Cuando Keiko terminó de leer la carta se dio cuenta de que también a ella se le habían escapado un par de lágrimas. Sí, pensó, no hay duda, este será hoy el elegido. Volvió a leer el texto una vez más, la letra elegante, triste, que las letras también pueden ser tristes.
Pensó en todos los daños colaterales que la vida nos inflige, en toda la maldad, la mezquindad y la miseria que habita en los corazones de tanta gente tan repugnante. Pensó en el porqué de su proyecto en Venecia, en su desafío a la ruleta del destino, en la futilidad del tiempo, en la brevedad de la vida. Pensó en el disparate de la crueldad, en la insensatez del rencor y la envidia, en la estupidez de la guerra. Pensó tanto y con tanta clarividencia que se deprimió.
Así que lo mejor era poner en marcha el procedimiento habitual, inventarse el refugio, la música melancólica, el agua cálida del baño, la luz tenue de las velas, las sedas, las alfombras, las mantas, las almohadas de pluma suave, los olores a perfume. Los ingredientes del paraíso, en definitiva.
Cuando por fin llegó el día, Bruno se sintió mal. No estaba enfermo, no, simplemente eran nervios, o quizás miedo, ese pegajoso compañero de viaje que le había acompañado en tantas ocasiones a lo largo de su existencia de aventurero crápula. En la vida todo llega, hasta la muerte llega, no compensa pasarlo mal sin motivo. Esta frase se la había dicho un amigo recién conocido en un bar del barrio de la Alfama, en Lisboa. Lo que nos hace profundamente infelices es esa absurda capacidad que tenemos los humanos para anticipar las penas, nos preocupamos por el futuro cuando ni siquiera tenemos la certeza de que vayamos a tener más horas de vida, de que estemos invitados a la fiesta del mañana, o del mes que viene.

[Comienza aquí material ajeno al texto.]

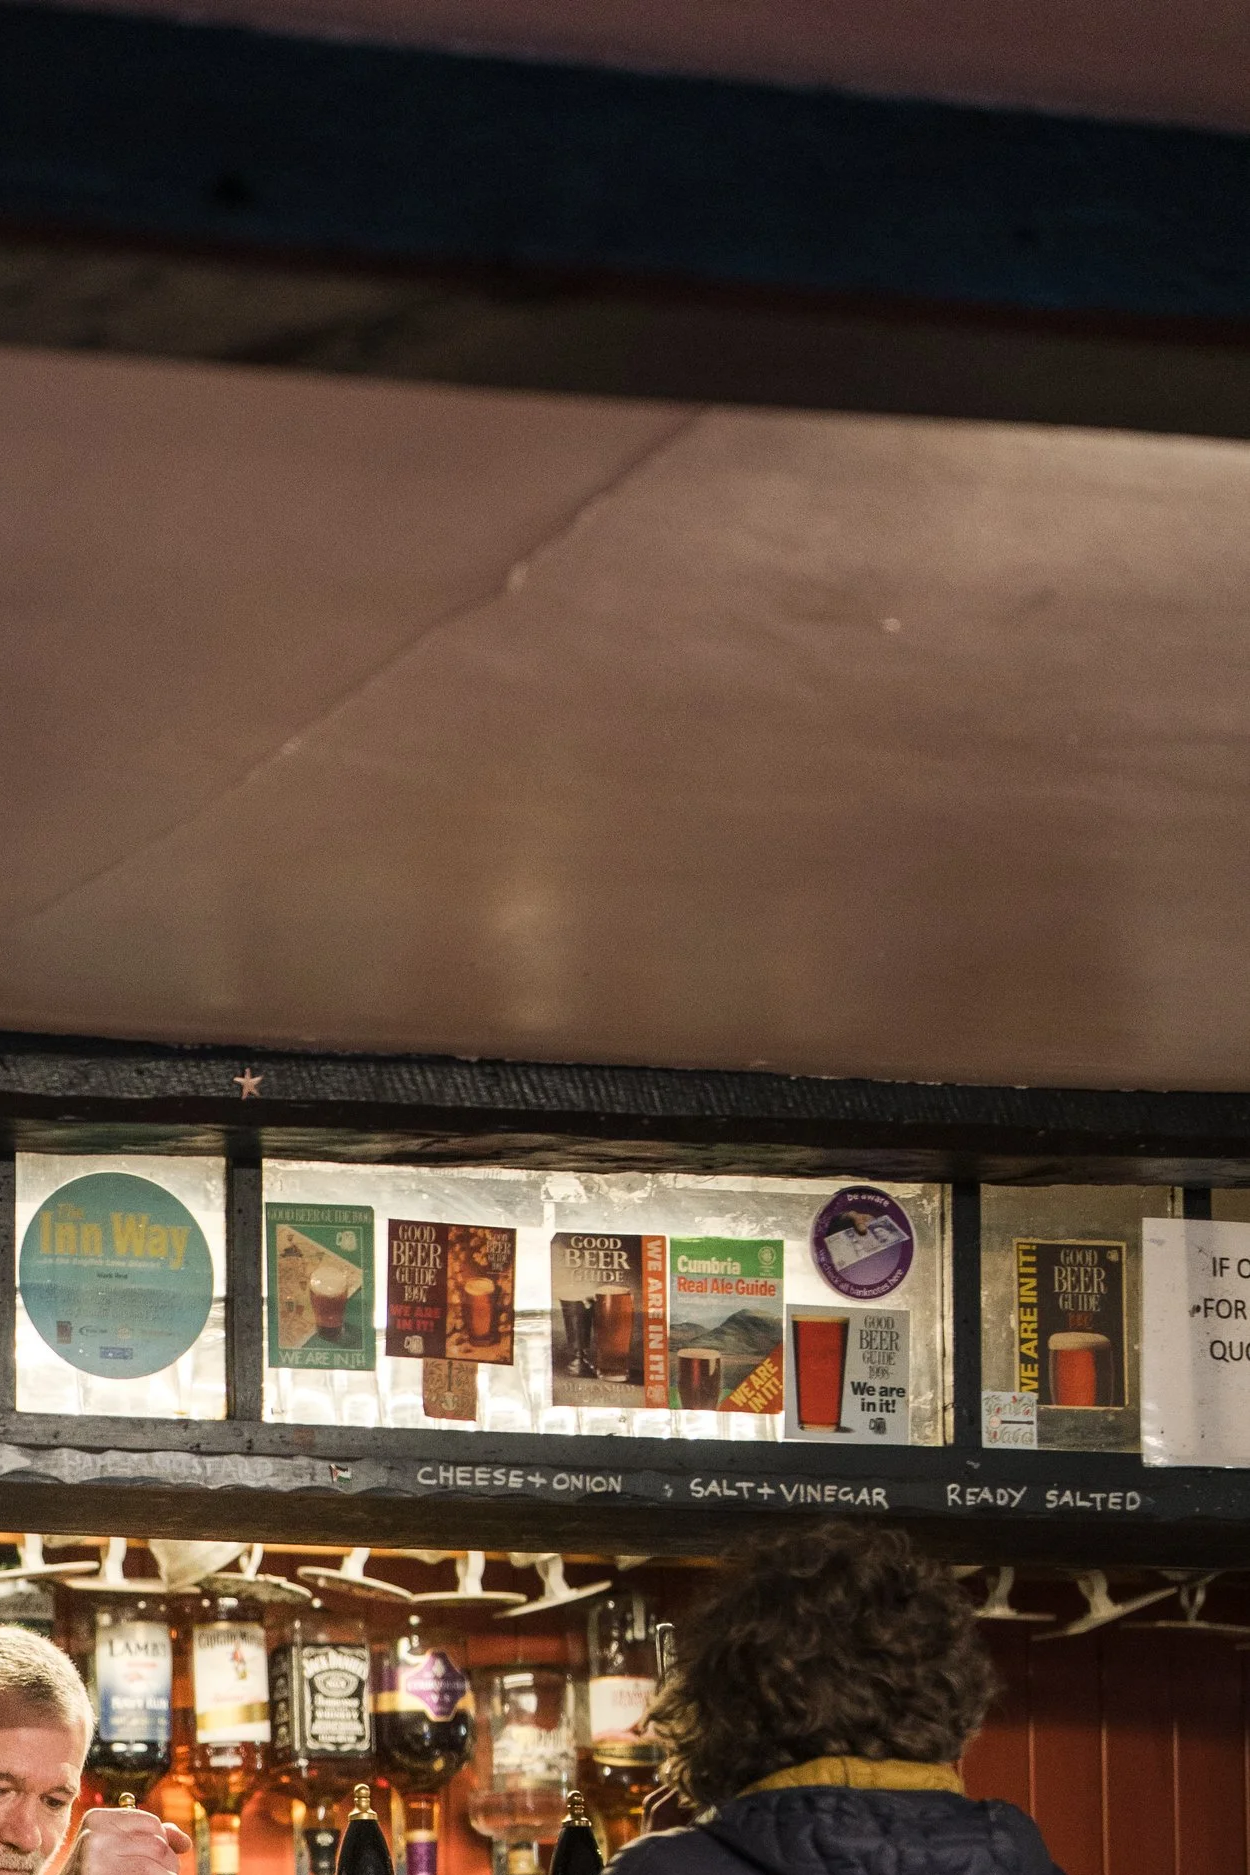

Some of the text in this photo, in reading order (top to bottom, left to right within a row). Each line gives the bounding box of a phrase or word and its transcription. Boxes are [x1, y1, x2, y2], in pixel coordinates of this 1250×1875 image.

Desde aquel encuentro en Lisboa, Bruno había aprendido a ser más feliz, a no despertarse sudando a media noche pensando en lo que podría ocurrirle, en la falta de ahorros para la vejez, en la probable venganza de algún marido celoso y herido, o en la sagacidad de la policía de cualquier país en el que en mala hora puso sus pies.
Así que respiró hondo, trató de relajarse y pensar que hoy cumpliría uno de sus sueños, toda una noche a solas con la hermosísima Keiko, por fin un oasis entre tanto desierto vital. Se cambió de ropa unas cuatro o cinco veces, y si no lo hizo más fue porque esa era toda la ropa que tenía. Finalmente una camisa blanca y unos pantalones negros. Tantas vueltas para esto, pensó, si parezco un camarero. Lo complementó con una chaqueta oscura y la capa y el sombrero perennes.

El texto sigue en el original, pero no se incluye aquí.